Some health issues can up your risk of sigmoid colon cancer. Diseases like ulcerative colitis and Crohn’s can increase it, mainly if you’ve had them for a long time.
Type 2 diabetes is also linked to a higher risk of colorectal cancer. The exact reasons aren’t clear, but insulin resistance and inflammation are thought to be involved.

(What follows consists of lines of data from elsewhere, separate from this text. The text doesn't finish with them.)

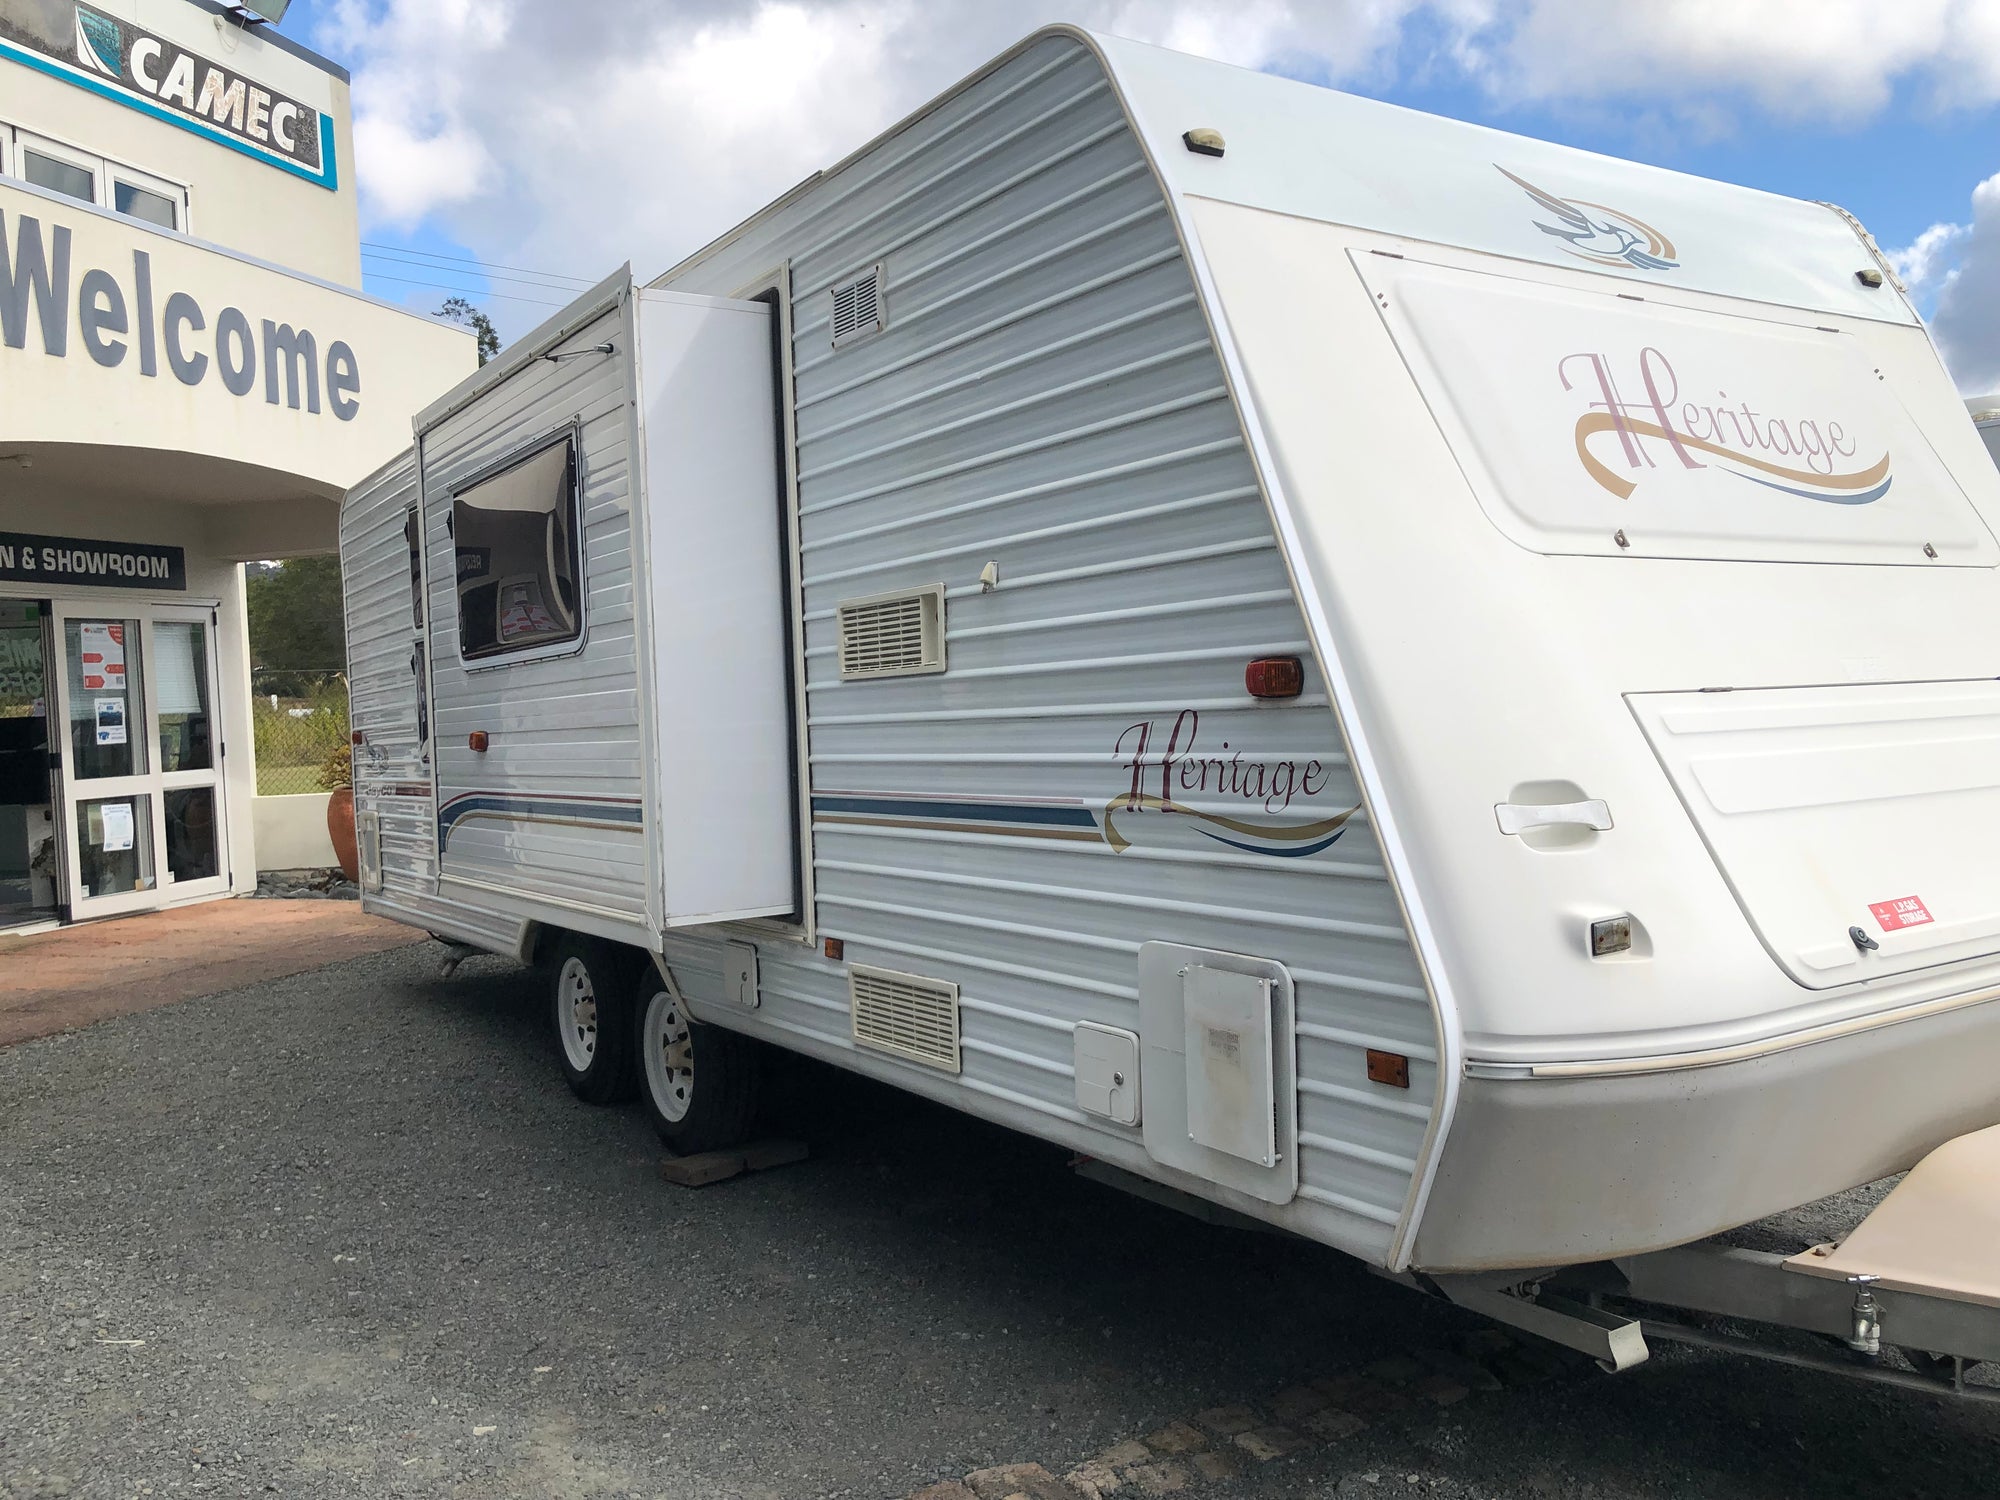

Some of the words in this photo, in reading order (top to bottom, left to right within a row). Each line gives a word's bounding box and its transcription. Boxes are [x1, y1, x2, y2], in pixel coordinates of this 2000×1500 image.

[130, 38, 297, 153] CAMEC
[0, 208, 361, 421] Welcome
[1558, 347, 1857, 475] Heritage
[22, 546, 37, 570] &
[42, 547, 170, 579] SHOWROOM
[1111, 708, 1331, 815] Heritage

| Risk Factor | Description | Impact on Risk |
| Age | Risk increases with age, specially after 50 | High |
| Family History | First-degree relatives with colorectal cancer | High |
| Genetic Syndromes | Lynch syndrome, FAP | Very High |
| Diet | High in red/processed meat, low in fiber | Moderate |
| Lifestyle | Physical inactivity, obesity, smoking | Moderate to High |
| Medical Conditions | IBD, Type 2 diabetes | Moderate to High |
Knowing these risk factors helps you take steps to lower your chance of sigmoid colon cancer. You can eat better, move more, and avoid smoking.

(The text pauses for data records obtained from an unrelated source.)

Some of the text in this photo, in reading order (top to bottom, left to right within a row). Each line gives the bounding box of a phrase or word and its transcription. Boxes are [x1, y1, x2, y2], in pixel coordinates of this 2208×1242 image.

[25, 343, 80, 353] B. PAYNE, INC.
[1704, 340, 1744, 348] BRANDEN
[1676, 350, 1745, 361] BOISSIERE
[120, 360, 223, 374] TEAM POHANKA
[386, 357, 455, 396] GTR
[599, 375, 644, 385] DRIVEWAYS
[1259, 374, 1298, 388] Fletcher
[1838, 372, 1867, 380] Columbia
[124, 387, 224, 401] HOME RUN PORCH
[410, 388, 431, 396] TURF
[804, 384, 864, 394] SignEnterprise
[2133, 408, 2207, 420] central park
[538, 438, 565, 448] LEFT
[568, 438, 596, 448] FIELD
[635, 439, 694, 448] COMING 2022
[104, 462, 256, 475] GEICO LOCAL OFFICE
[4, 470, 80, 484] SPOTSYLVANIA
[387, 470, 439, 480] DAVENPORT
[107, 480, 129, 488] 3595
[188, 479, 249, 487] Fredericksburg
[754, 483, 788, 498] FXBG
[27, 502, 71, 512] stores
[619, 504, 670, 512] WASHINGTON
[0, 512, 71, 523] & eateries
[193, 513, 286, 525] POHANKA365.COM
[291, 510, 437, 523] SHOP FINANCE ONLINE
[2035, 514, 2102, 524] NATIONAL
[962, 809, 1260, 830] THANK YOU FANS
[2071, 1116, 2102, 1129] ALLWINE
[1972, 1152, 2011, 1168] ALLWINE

It’s important to know how to diagnose sigmoid masses early. This helps in treating sigmoid colon cancer quickly. Doctors use many methods, from first checks to detailed scans and biopsies.
People should start screening for sigmoid colon cancer at 45, as guidelines suggest. Colonoscopy is the best way to find and remove polyps early. Other tests like fecal occult blood tests (FOBT) and CT colonography also help find problems.
Regular checks are key to finding sigmoid masses early. This makes treatment more effective. The right test depends on the patient’s health, what they prefer, and what’s available.
When a mass is thought of, doctors use detailed scans to learn more. Computed Tomography (CT) scans and Magnetic Resonance Imaging (MRI) show how big the tumor is and if it has spread. This helps figure out the best treatment.
These scans also help plan surgery. They show where the tumor is and how it relates to other parts of the body.
A biopsy and pathological examination confirm a mass diagnosis. During a colonoscopy, a sample is taken and checked for cancer. Knowing the cancer type and how aggressive it is helps decide treatment.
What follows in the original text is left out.